There are "mark-up formulas" that we often talk about and use in business. For example, for direct-response marketing, we look for a 8X to 10X mark-up. In traditional distribution through retail, there tends to be a 20% to 1X (100%) mark-up from mfg cost to wholesale, and a 1X mark-up from wholesale to retail. But the most important thing to keep in mind is that these are MINIMUM mark-ups. The entrepreneur's job is to get the maximum possible mark-up for himself as well as for his re-sellers. So "what the market will bear" is the ultimate determinate of price.
Some products are much more "price elastic" than others, based on a myriad of factors, including relative uniqueness, scarcity, perceived value, market responsiveness, and so forth. Testing and pushing that elasticity is important.
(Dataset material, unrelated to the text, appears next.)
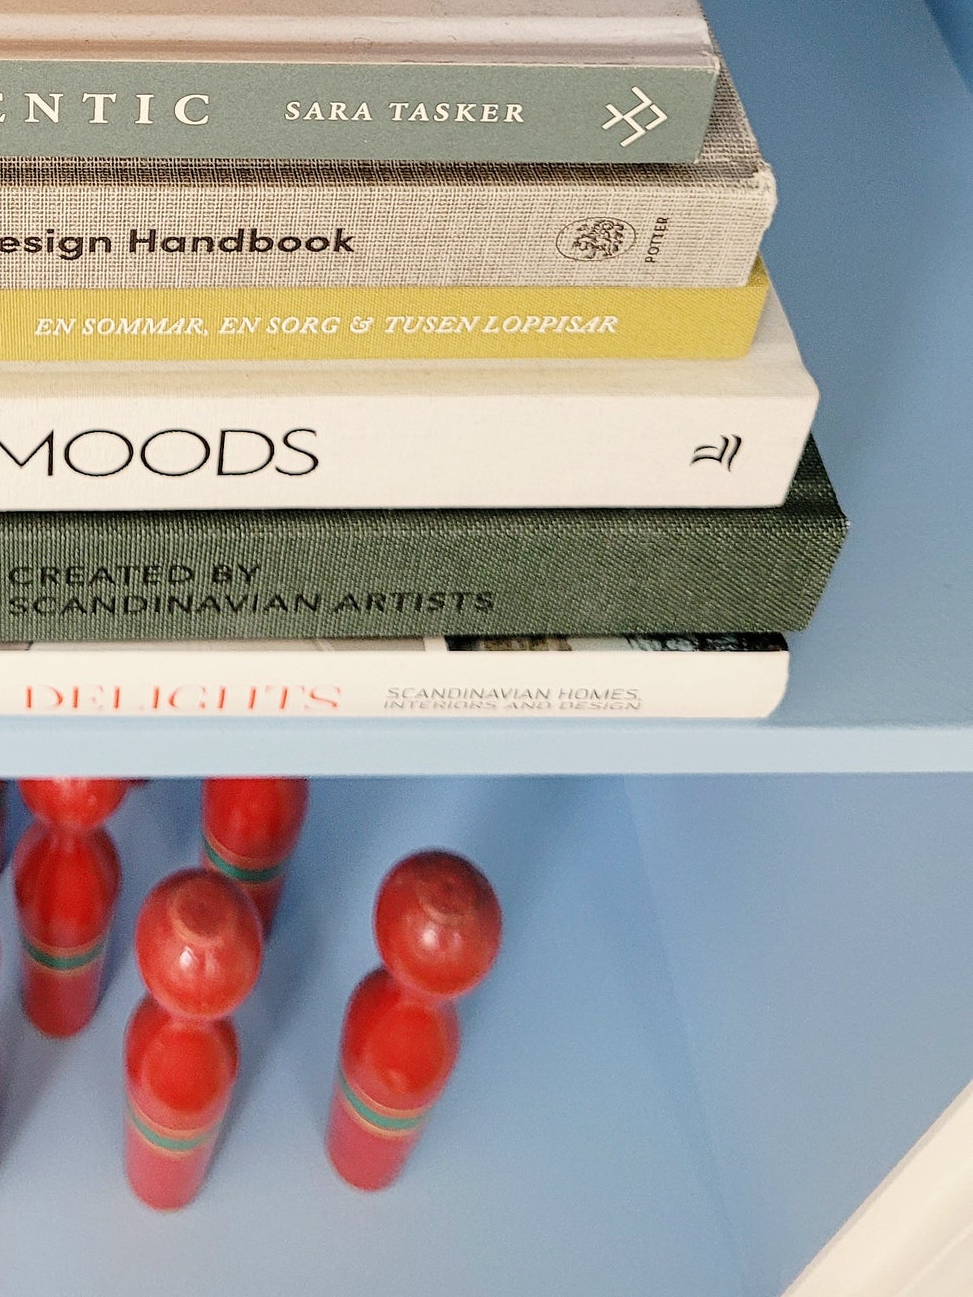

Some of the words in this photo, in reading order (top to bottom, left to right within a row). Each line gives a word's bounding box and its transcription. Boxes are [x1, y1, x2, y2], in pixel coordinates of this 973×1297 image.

Sometimes guilt limits price. With "information products", for example, somebody'll say: how can you charge $100 for a book that only costs you $1.00 to make? But with such products, there's no relationship whatsoever between manufactured cost and price, because the value to the end user is not based on the thing but on the information contained in the thing.
Methods of marketing and distribution have a great affect on price. Information in book form, sold through bookstores, may be saleable at $10 to $30, yet that very same information packaged differently for sale through directmail may support a price of $100 to $300. If that same information is delivered through a seminar: $1,000.00 to $3,000.00.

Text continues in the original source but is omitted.